Here is where the problem lies, Tuna flesh starts life red, like you see in the fancy unaffordable packs in M&S. When they can it, they bleed it first and then cook it. When you cook it a second time, Bang! You’ve got the edible equivalent of wood chip – , basically an inedible pointless protein. Its curious, delicate flavour gets lost, imparting nothing more than a faeint tang of ozone to any pasta dish. It’s only real legacy, following a long mastication is the feeling of it scraping down your gullet and something equivalent to a test match in the time it takes to swallow.

I gave up with tuna in pasta, or any type of sea fish for that matter, for a long time. I enjoyed both too much to spoil the other with their unholy union, a union I felt was more toxic than a TOWIE wedding.

Maybe some of the boy scouts reading this will be scoffing at even tolerating the idea of using canned tuna, like it’s a no brainer and I should have been using fresh fish all along. The truth is I have and I think it is equally a crime against man and our scaly submerged brethren. I totally believe tuna fish is best served raw, tarted up with nothing more than a little good olive oil and a couple of well dispersed drops of lemon. If it’s going to be cooked then it’s got to have had seconds on a raging hot grill…and then just a drizzle of olive oil and lemon. Take your sauce and sling it in the bin with the Home Pride bescimella and that copy of Nick Knowles vegetarian cookery book. (random mention of NK!!!??!!)
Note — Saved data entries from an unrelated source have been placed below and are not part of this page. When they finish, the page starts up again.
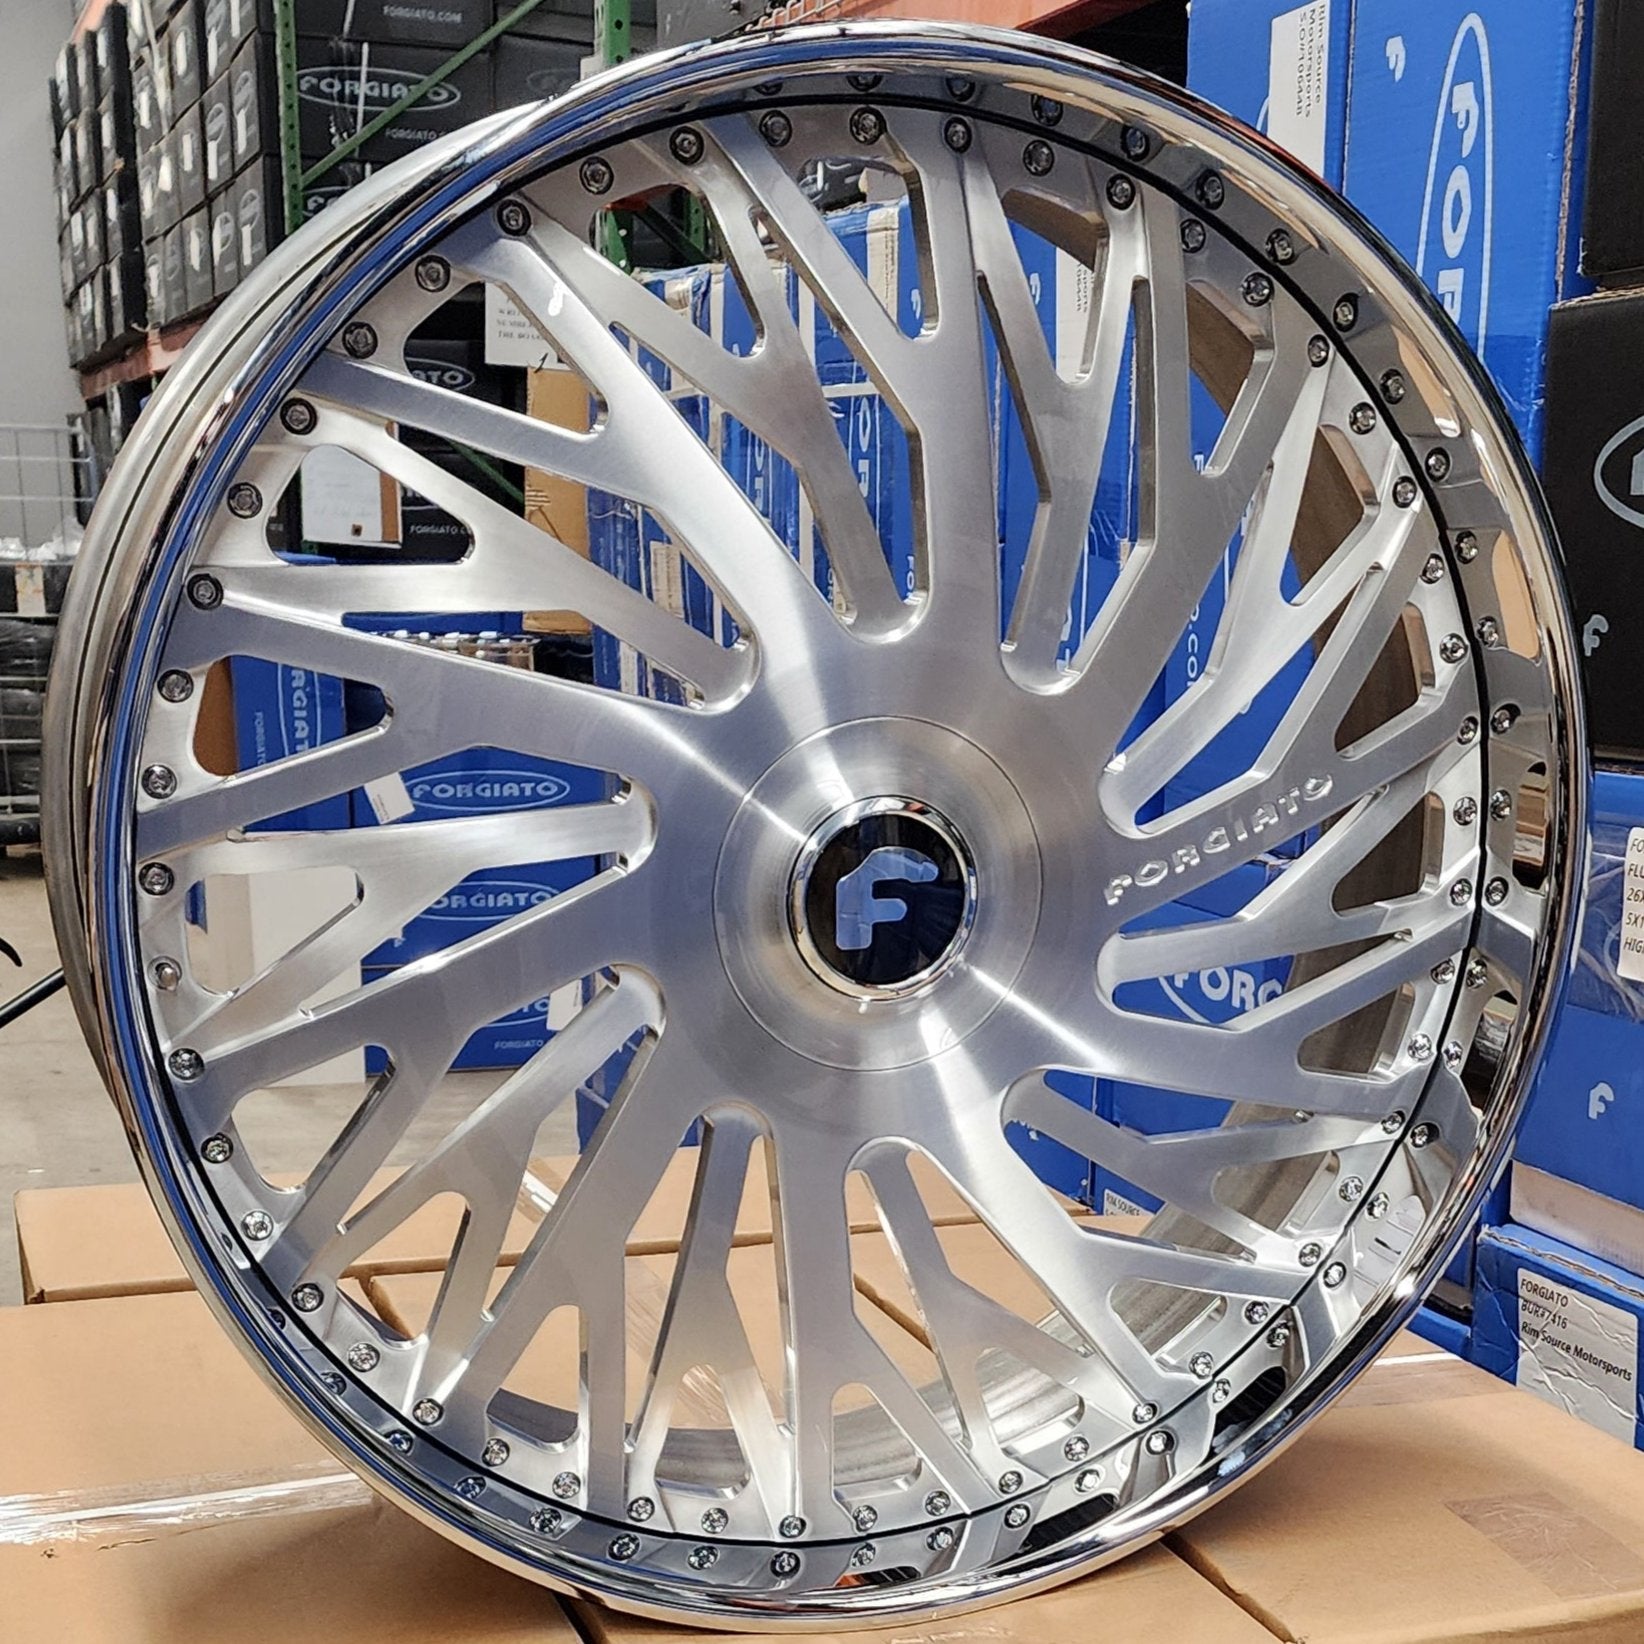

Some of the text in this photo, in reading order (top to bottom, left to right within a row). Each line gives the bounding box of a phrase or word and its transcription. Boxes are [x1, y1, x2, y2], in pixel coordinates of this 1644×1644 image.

[300, 77, 449, 101] FORGIAO
[412, 782, 558, 799] FORGIATO
[1103, 773, 1334, 906] FORGIATO
[1520, 1278, 1569, 1308] FORGIATO
[1521, 1321, 1632, 1382] Rim Source Motorsports
I mentioned at the beginning of this diatribe against such a seemingly inoffensive dish as pasta with tuna, that I couldn’t bear the thought of it….up until now,. Recently I had some kind of Damascene conversion. I didn’t see a stern faced Jesus appearing on an arid dessert track, instead I saw San. Francesco Di Paola dressed in his habit, emerging out of a rip tide staring a bulbous looking blue fin square on. Emblazoned across the Fender Jaguar orange tin in white copperplate the glorious words “Buzzonaglia Di Tonno, Callipo”. For Italians this may not be a new revelation, but for a man brought up on skip jack in spring water it’s like finding the Garden of Eden was behind your compost bin all along.
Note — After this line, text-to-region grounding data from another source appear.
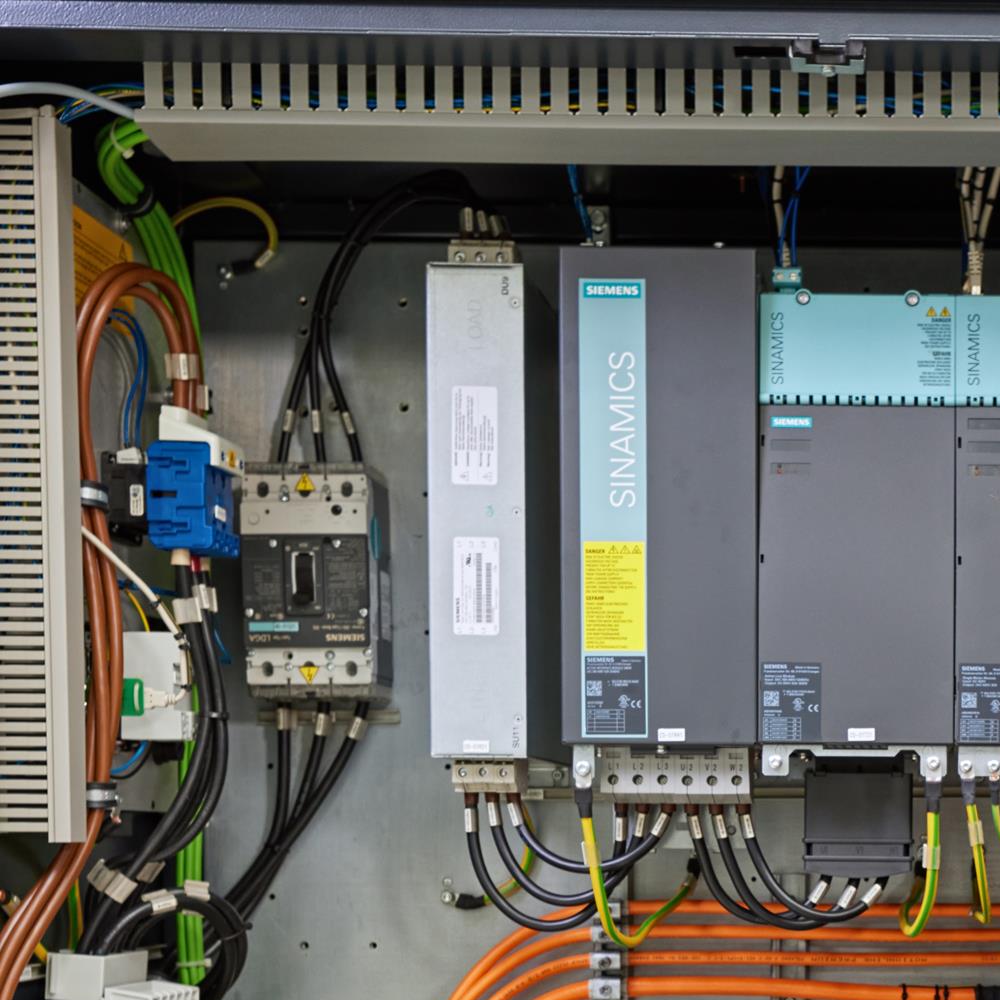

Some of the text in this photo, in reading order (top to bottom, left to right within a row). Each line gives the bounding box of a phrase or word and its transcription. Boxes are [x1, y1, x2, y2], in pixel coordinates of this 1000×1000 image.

[586, 285, 638, 296] SIEMENS
[771, 312, 784, 385] SINAMICS
[967, 313, 981, 386] SINAMICS
[608, 351, 636, 508] SINAMICS
[773, 417, 810, 426] SIEMENS
[325, 633, 365, 642] SIEMENS
Funnily enough, on first glances, it bears striking resemblance to the interior of the compost bin. Far from the insipid beige hall-carpet pallor of your everyday tuna, the “Buzz” looks like Operation Dessert Storm camo: a pastiche of meaty white flesh, fatty blacks and browns and the occasional lattice of veins. It’s this inclusion of the dark meat that is the game changer. Italian and especially Sicilian chefs have known for generations that this is the stuff you do match up with pasta. Even Elizabeth David knew it, stating that during her time in Sicily the fishmonger would wrap up the white and dark meat, some fatty ventresca (belly meat) and even the heart of the beast. Like all that is good in this world to eat, the secret ingredient is, lamentably, fat.

I’ve used it a few times now. I’ve cooked my pasta, finished it with olive oil, chopped taggiasche olives and some finely sliced tropea onions, before heaping half a can of this terrifying, oleaginous fish flesh on top with just the slightest squeeze of lemon. I even tried it with a San Marzano sauce, cooking the tomato first before adding the tuna after and it was like eating fois gras. The principle is the same for pizzas, do the cooking separately.  In this case, a Torpedino base with a short kick of oregano on some good dough, and then use the tuna like some indulgent spread over the top when out of the oven.
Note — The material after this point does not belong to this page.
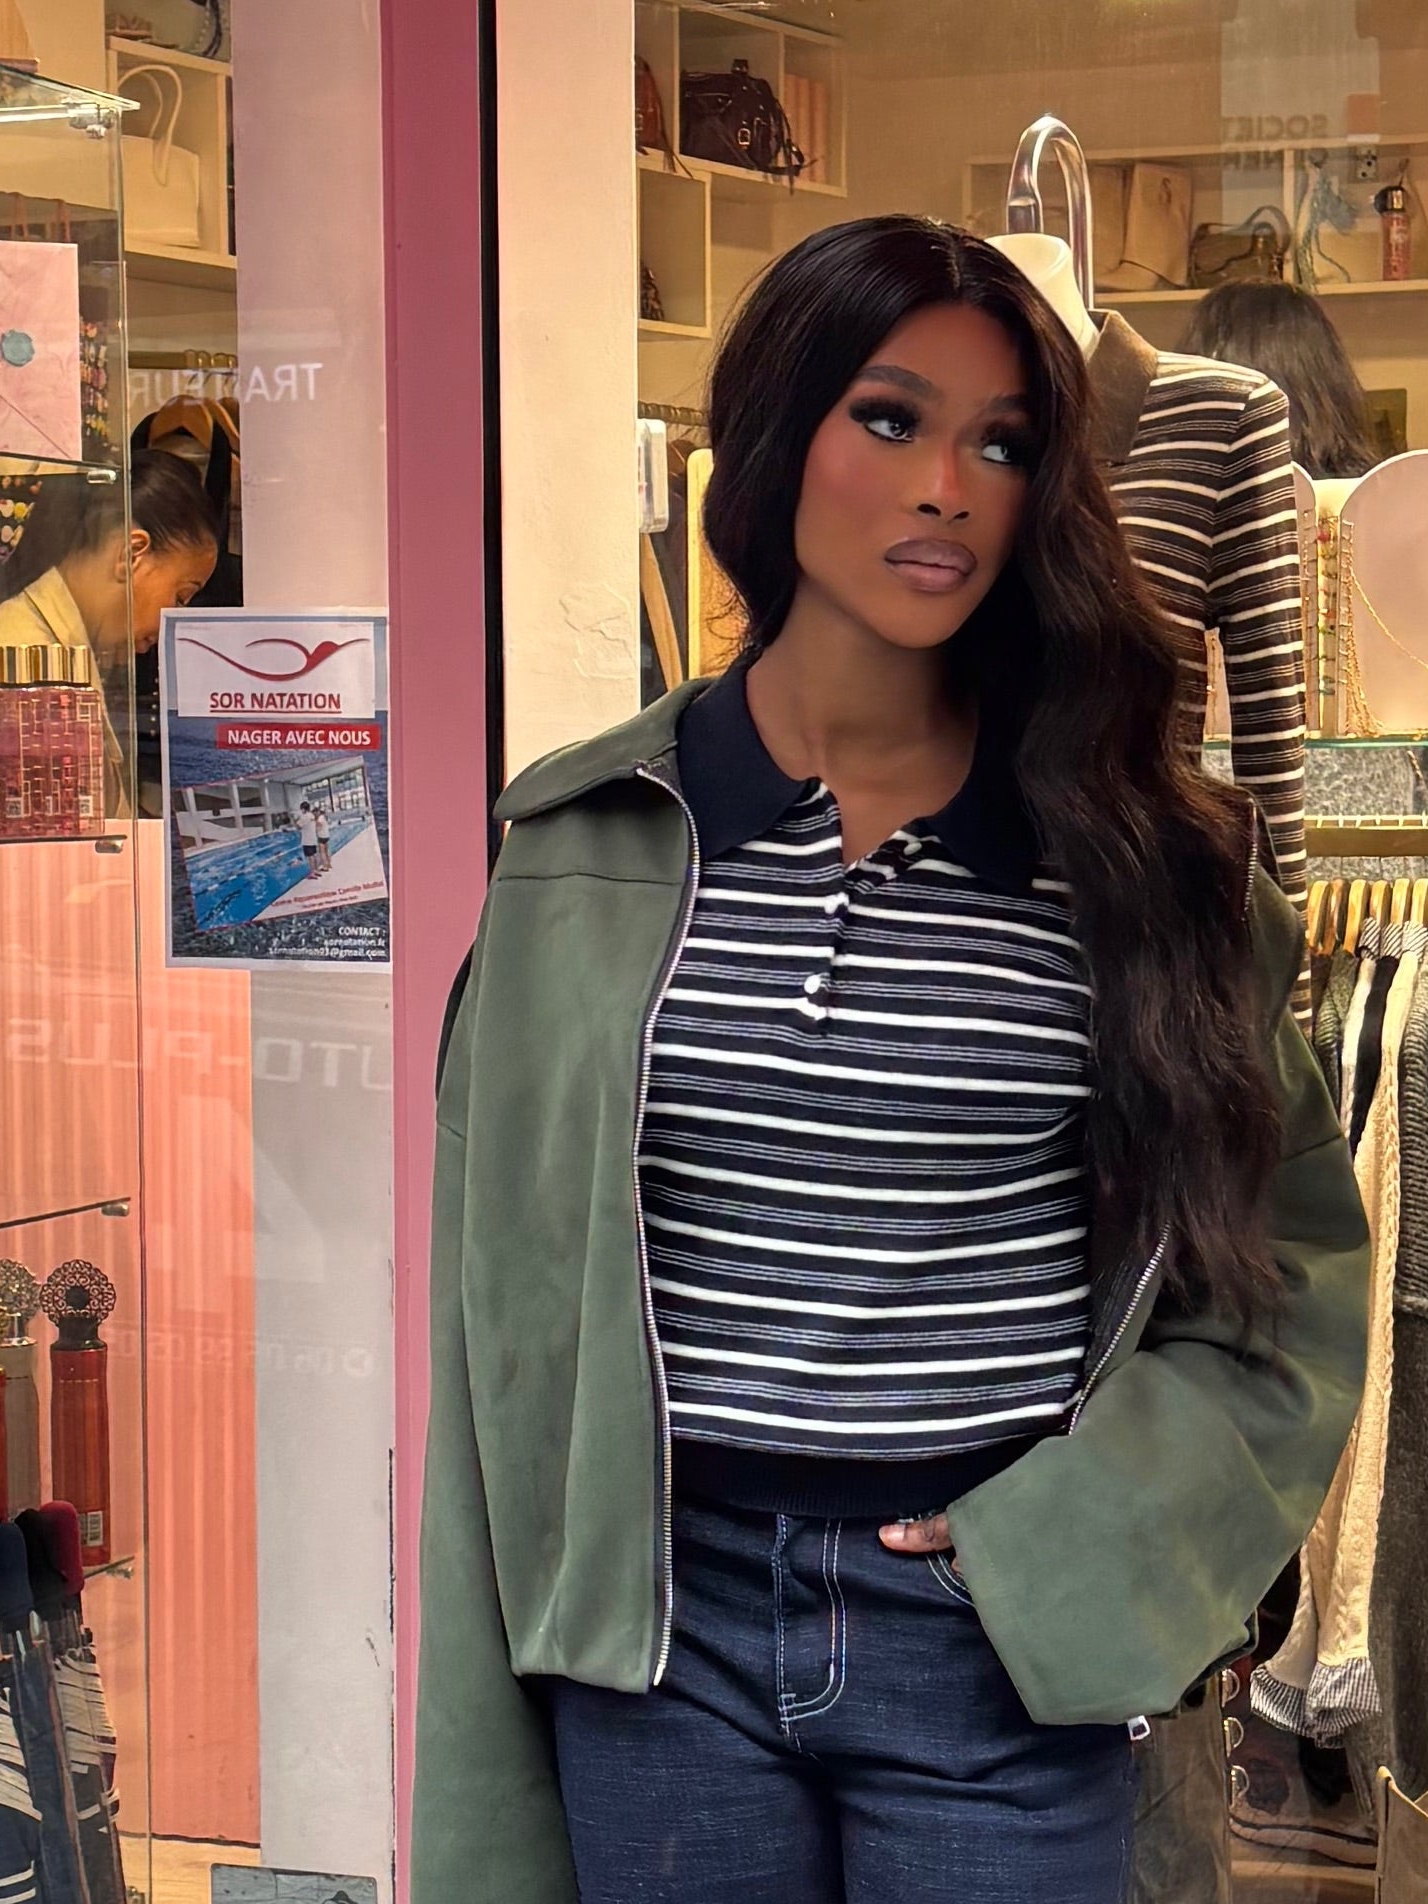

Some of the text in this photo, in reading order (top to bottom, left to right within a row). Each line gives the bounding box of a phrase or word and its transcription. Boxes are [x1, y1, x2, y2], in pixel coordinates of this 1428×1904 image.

[209, 691, 341, 710] SOR NATATION
[227, 728, 372, 747] NAGER AVEC NOUS
[338, 927, 381, 937] CONTACT
The possibilities for this can of fishy joy are probably endless, like the Tuna fish itself, nothing goes to waste, not even the can which I have lovingly fashioned into a pen holder. If it were a ship it would pretty much have passed all its sea trials with flying colours and be ready for commission, yet something tells me there is just one more dish it has to conquer before it’s passed fit for service; an old classic, a rule Britalia of a plate beloved by old and young alike…I wonder if Zia Tina still has that Le Creuset dish.